“Love isn’t less valuable because it’s fought for. And it isn’t less valuable because it comes easy. Remember that.”

Some adoption stories seem perfect from start to finish… from a tear-filled homecoming to beautiful days and restful nights packed with bonding and growth. The love comes easy.

But other adoptions (most, one could argue) aren’t like that. Travel is stressful. Bonding happens slowly. And those adoption buzzwords you’ve heard—trauma, grief, even Adoptive Postpartum Depression—start taking on new meaning. That love must be fought for.

Praise God, all love is valuable. So if you’re in a season of fighting for love, be encouraged by the following mom’s story…


I pretty much cried my way through the first nine months of my second daughter’s life.

I’m just going to jump right in and admit that.

For almost two years, I’ve been sitting on her story—longing to tell it, but not knowing how to do it justice; not sure how to invite you into the beautiful glory of something that was simultaneously so painful.

I still don’t know that I can tell you exactly what happened.

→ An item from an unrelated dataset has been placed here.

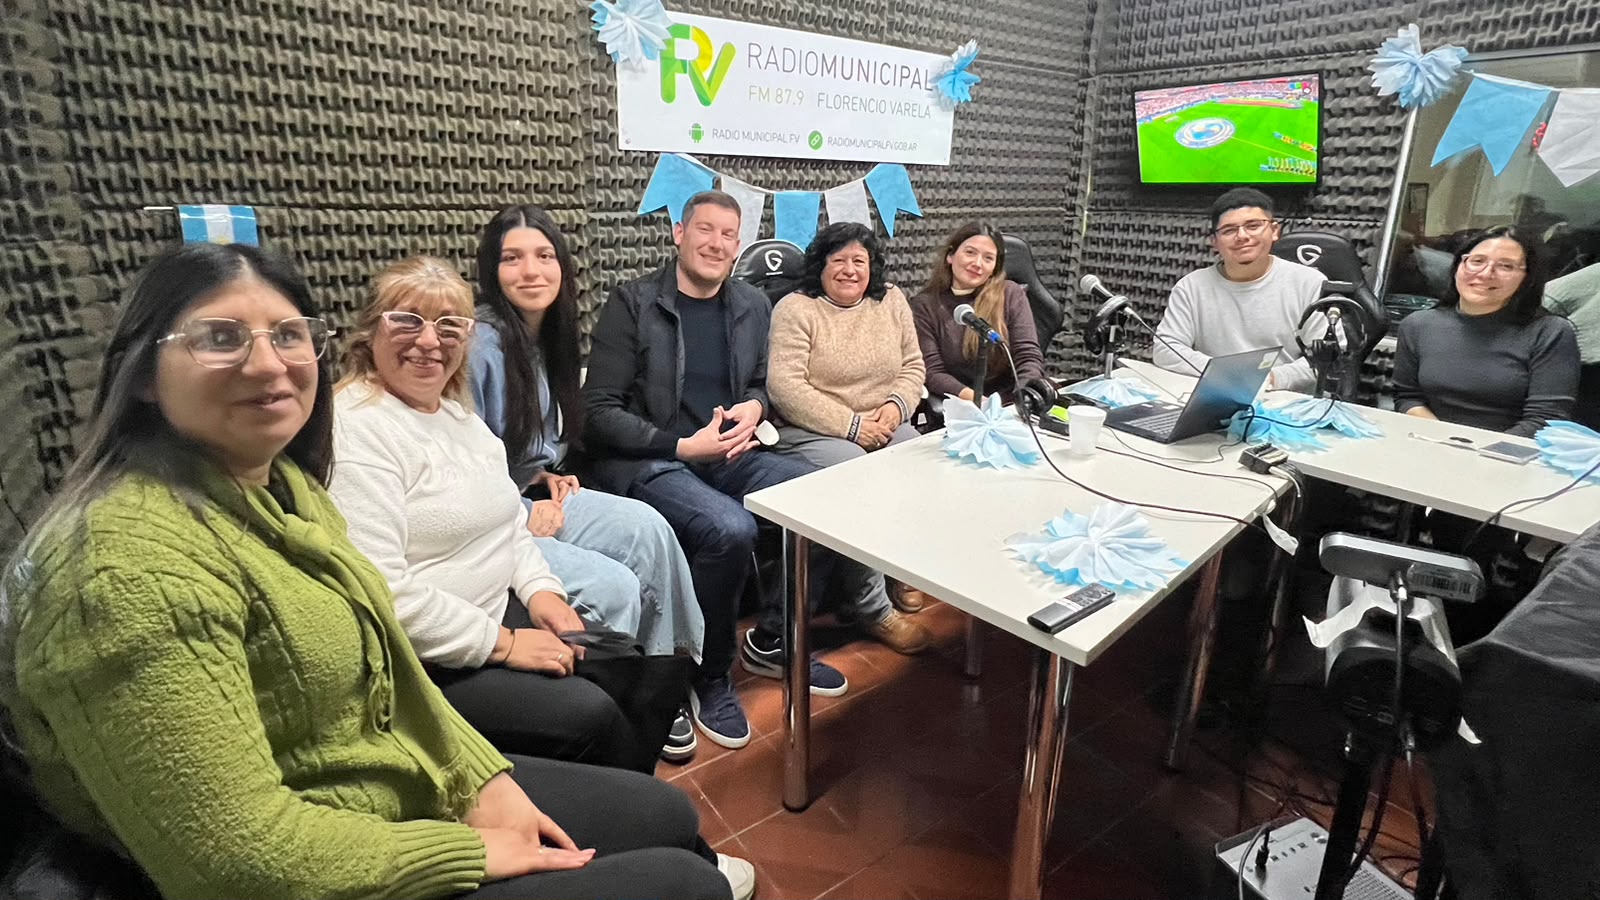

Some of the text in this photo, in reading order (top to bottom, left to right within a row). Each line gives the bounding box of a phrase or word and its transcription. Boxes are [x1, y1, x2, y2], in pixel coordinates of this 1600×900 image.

Adoptive Postpartum Depression (let’s not argue; it’s real). A deep, deep love for her birth mom and deep, deep grief at the thought of her loss (something that nothing but experience could have prepared me for). A pterodactyl-level loud cry (sorry baby, but it’s true). Long nights without sleep (don’t take these for granted, single people). A politically polarized time in history that was invading my classroom and making eighth-graders hateful in ways I never could have imagined (I’ll stop including afterthoughts). 

 

I only know this—I was a wreck.

And wrecked. And wrecking others. It was nothing that any of us deserved. And it feels weird and shameful and embarrassing to start the story of someone I love so much in this way, but somehow I’m believing it will all make sense one day.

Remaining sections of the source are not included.